为了评估mRNA-LNPs中残留的吡啶量是否影响其安全性，我们使用气相色谱-质谱法（GC-MS）进行了检测。经过适当纯化后，mRNA-LNPs中残留的吡啶量极低，远低于国际协调会议（ICH）指南规定的最大允许限量200 ppm。这表明吡啶在mRNA-LNP制备过程中的使用是安全的，不会因残留溶剂而影响产品的质量和安全性。

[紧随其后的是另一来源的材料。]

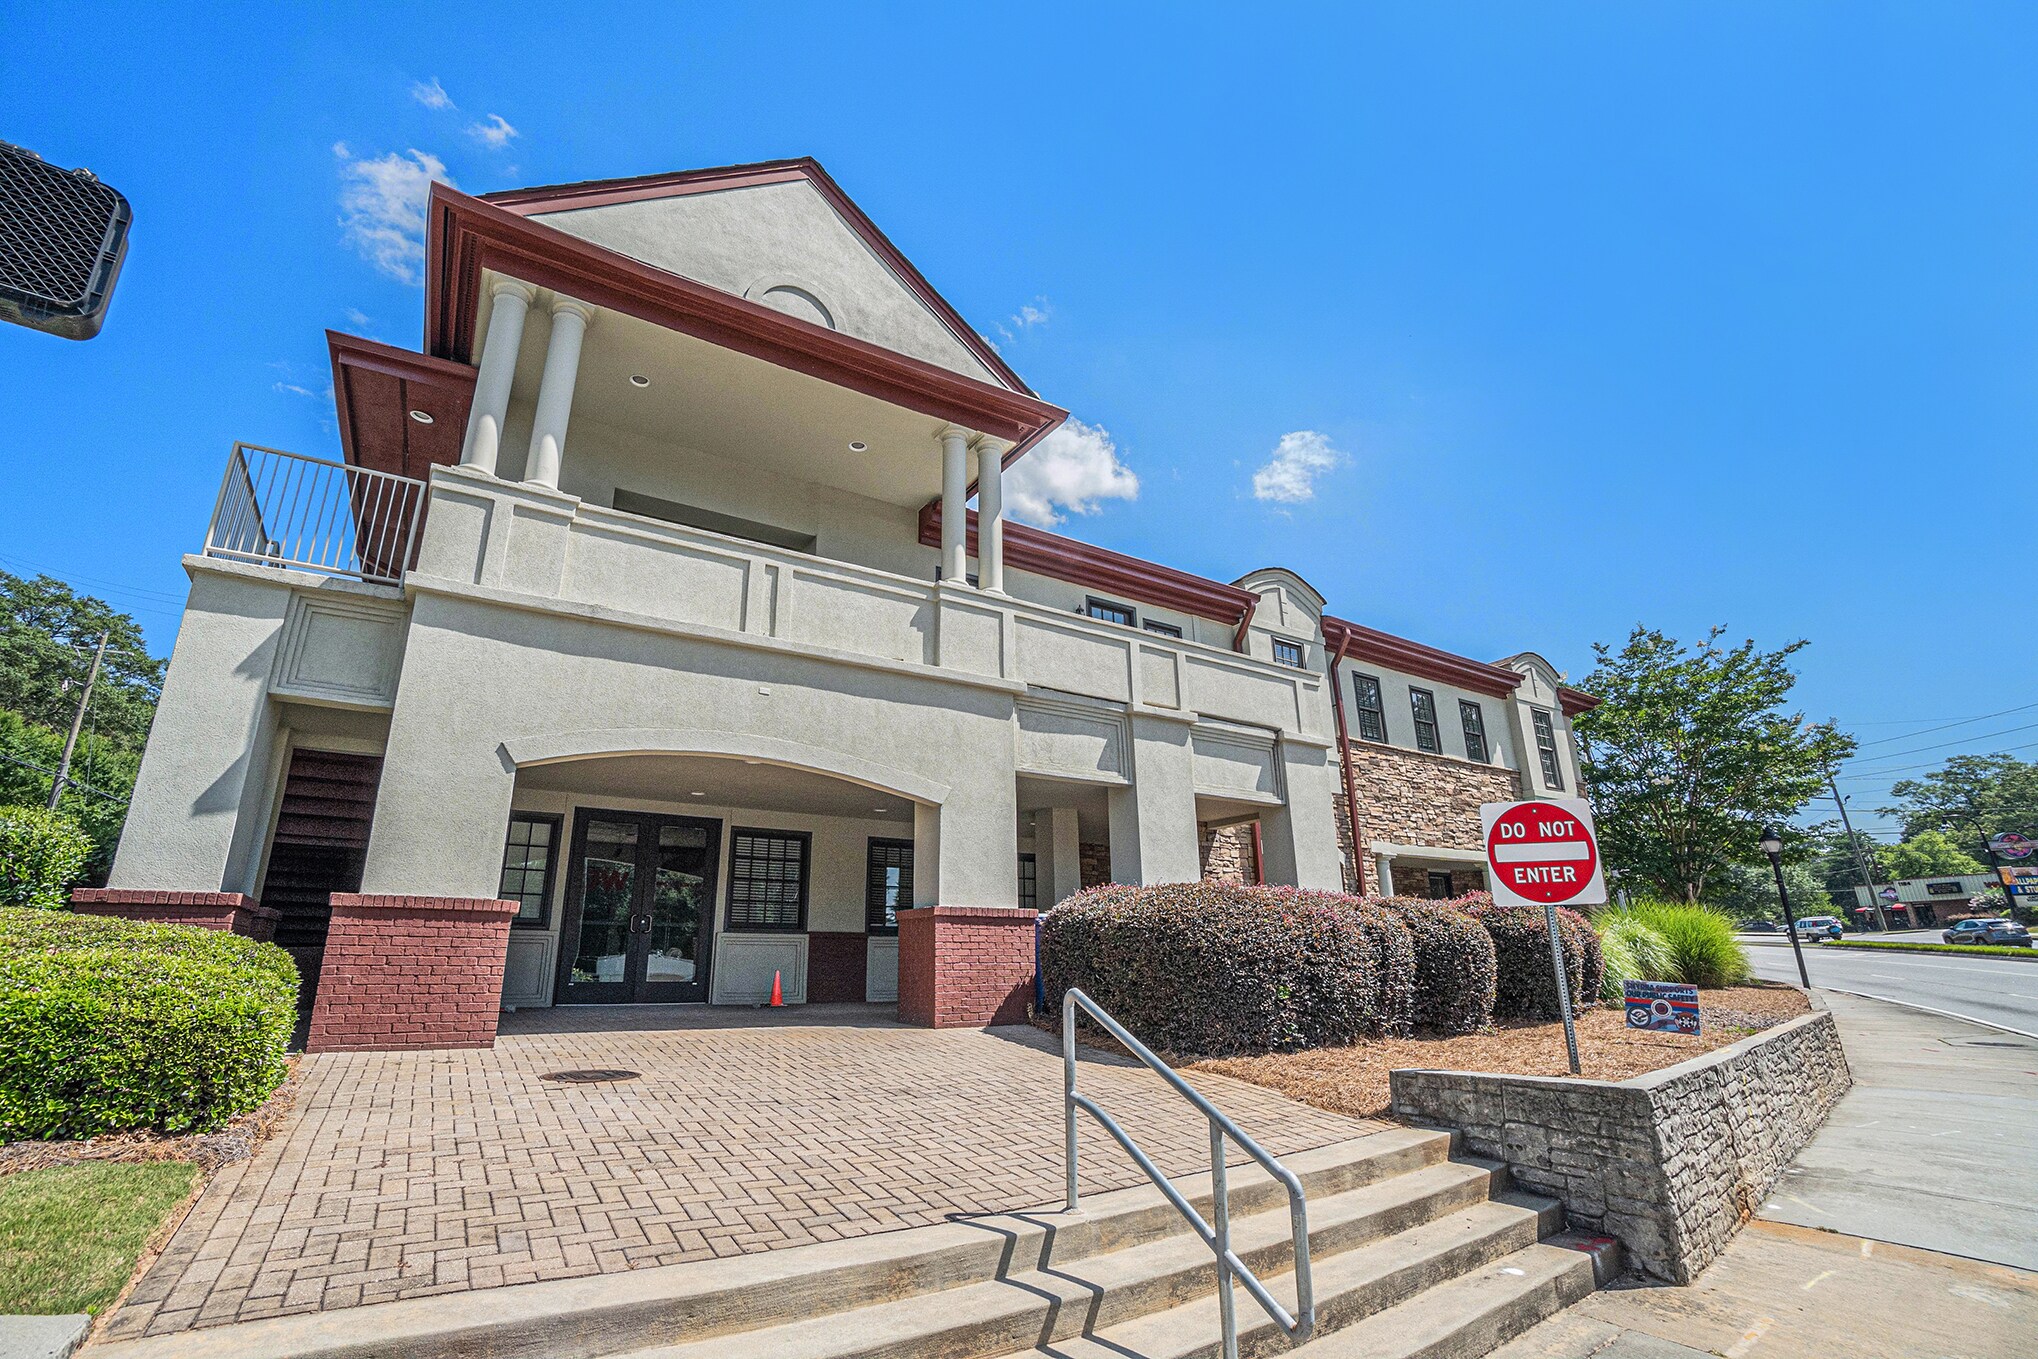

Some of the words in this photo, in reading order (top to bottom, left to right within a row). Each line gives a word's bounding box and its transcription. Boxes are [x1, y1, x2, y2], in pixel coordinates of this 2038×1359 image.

[1500, 822, 1526, 838] DO
[1538, 820, 1575, 837] NOT
[1514, 866, 1577, 884] ENTER
[1626, 989, 1642, 998] OUR
[1642, 990, 1667, 1000] PUBLIC
[1668, 993, 1695, 1002] SAFETY
[1656, 985, 1694, 995] SUPPORTS

Fig. 6. Residual pyridine in mRNA-LNPs prepared using pyridine SM-102, DOPC, cholesterol, and DMG-PEG were dissolved in pyridine.

03
讨论

本研究首次系统地探索了制备mRNA-LNPs过程中溶解脂质的有机溶剂对其性质和功能的影响。吡啶作为溶剂能够显著提升mRNA-LNPs的质量和转染效率，这可能与其对脂质溶解性和混合过程中pH值的影响有关。尽管吡啶制备的mRNA-LNPs粒径较大，但其高度均一性和高效转染效率表明其在mRNA递送系统中的巨大潜力。

此外，吡啶的通用性和微流控制备兼容性进一步扩展了其在mRNA-LNP生产中的应用前景。安全性评价结果表明，吡啶制备的mRNA-LNPs具有良好的生物相容性，残留的吡啶量远低于安全限量。

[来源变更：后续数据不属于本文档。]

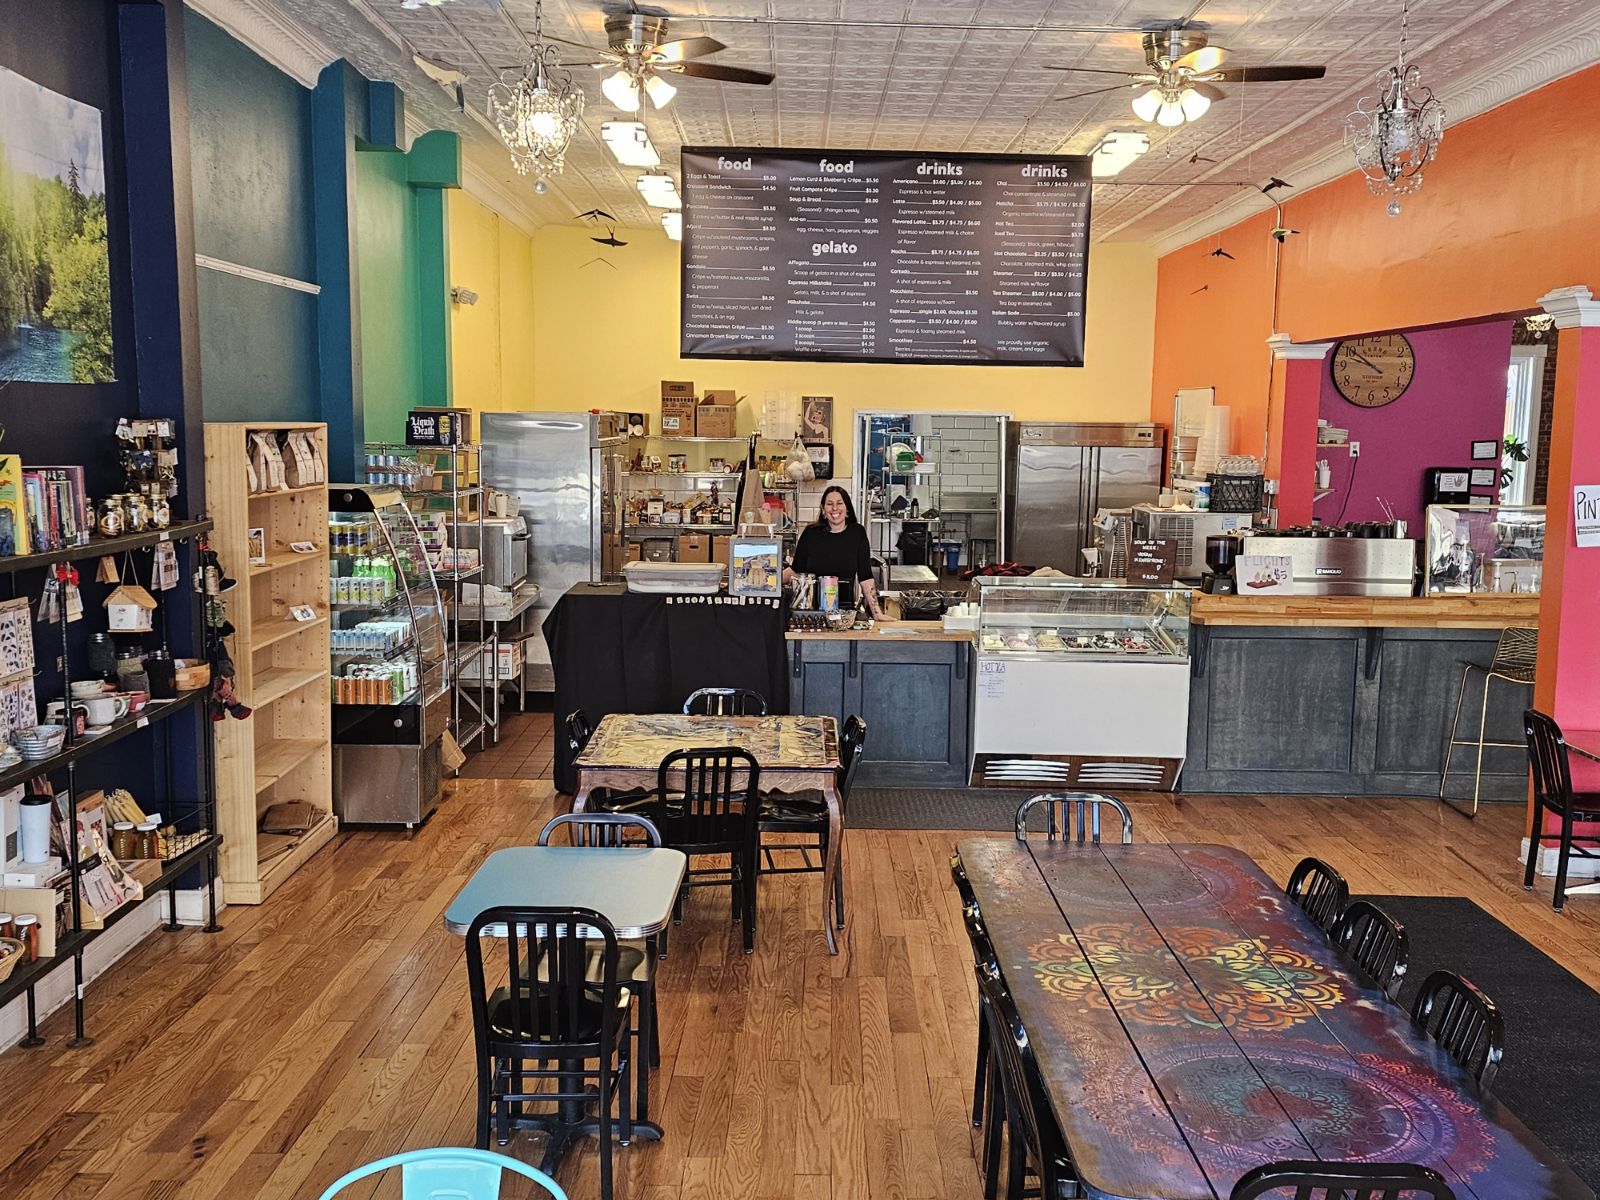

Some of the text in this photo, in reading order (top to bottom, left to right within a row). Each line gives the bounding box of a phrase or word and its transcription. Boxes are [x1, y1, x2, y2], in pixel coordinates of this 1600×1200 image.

[718, 157, 752, 170] food
[819, 159, 854, 173] food
[916, 162, 964, 175] drinks
[1021, 164, 1069, 178] drinks
[812, 241, 858, 256] gelato
[1345, 346, 1357, 358] 10
[1398, 346, 1404, 357] 2
[1340, 360, 1347, 371] 9
[1399, 361, 1407, 372] 3
[1343, 375, 1350, 386] 8
[1394, 375, 1401, 387] 4
[1354, 385, 1360, 397] 7
[1367, 389, 1374, 401] 6
[1383, 386, 1390, 398] 5
[410, 416, 435, 428] Liquid
[413, 425, 435, 435] Death
[1576, 491, 1600, 520] PIN
[1244, 556, 1291, 566] FLIGHTS

然而，本研究尚未揭示吡啶提升mRNA-LNP功能的具体机制。未来的研究将进一步探索吡啶对mRNA-LNP微结构的影响，以及其在不同递送系统中的应用潜力。

04
结论

本研究表明，吡啶作为溶解脂质的有机溶剂能够显著提升mRNA-LNPs的质量和体外、体内功能。吡啶制备的mRNA-LNPs具有高度均一性和高效转染效率，且适用于多种脂质组合和微流控制备技术。经过适当纯化后，mRNA-LNPs中残留的吡啶量极低，不影响其安全性。尽管需进一步机制研究，但吡啶作为一种比乙醇更适合用于mRNA-LNP生产的溶剂，具有广阔的应用前景。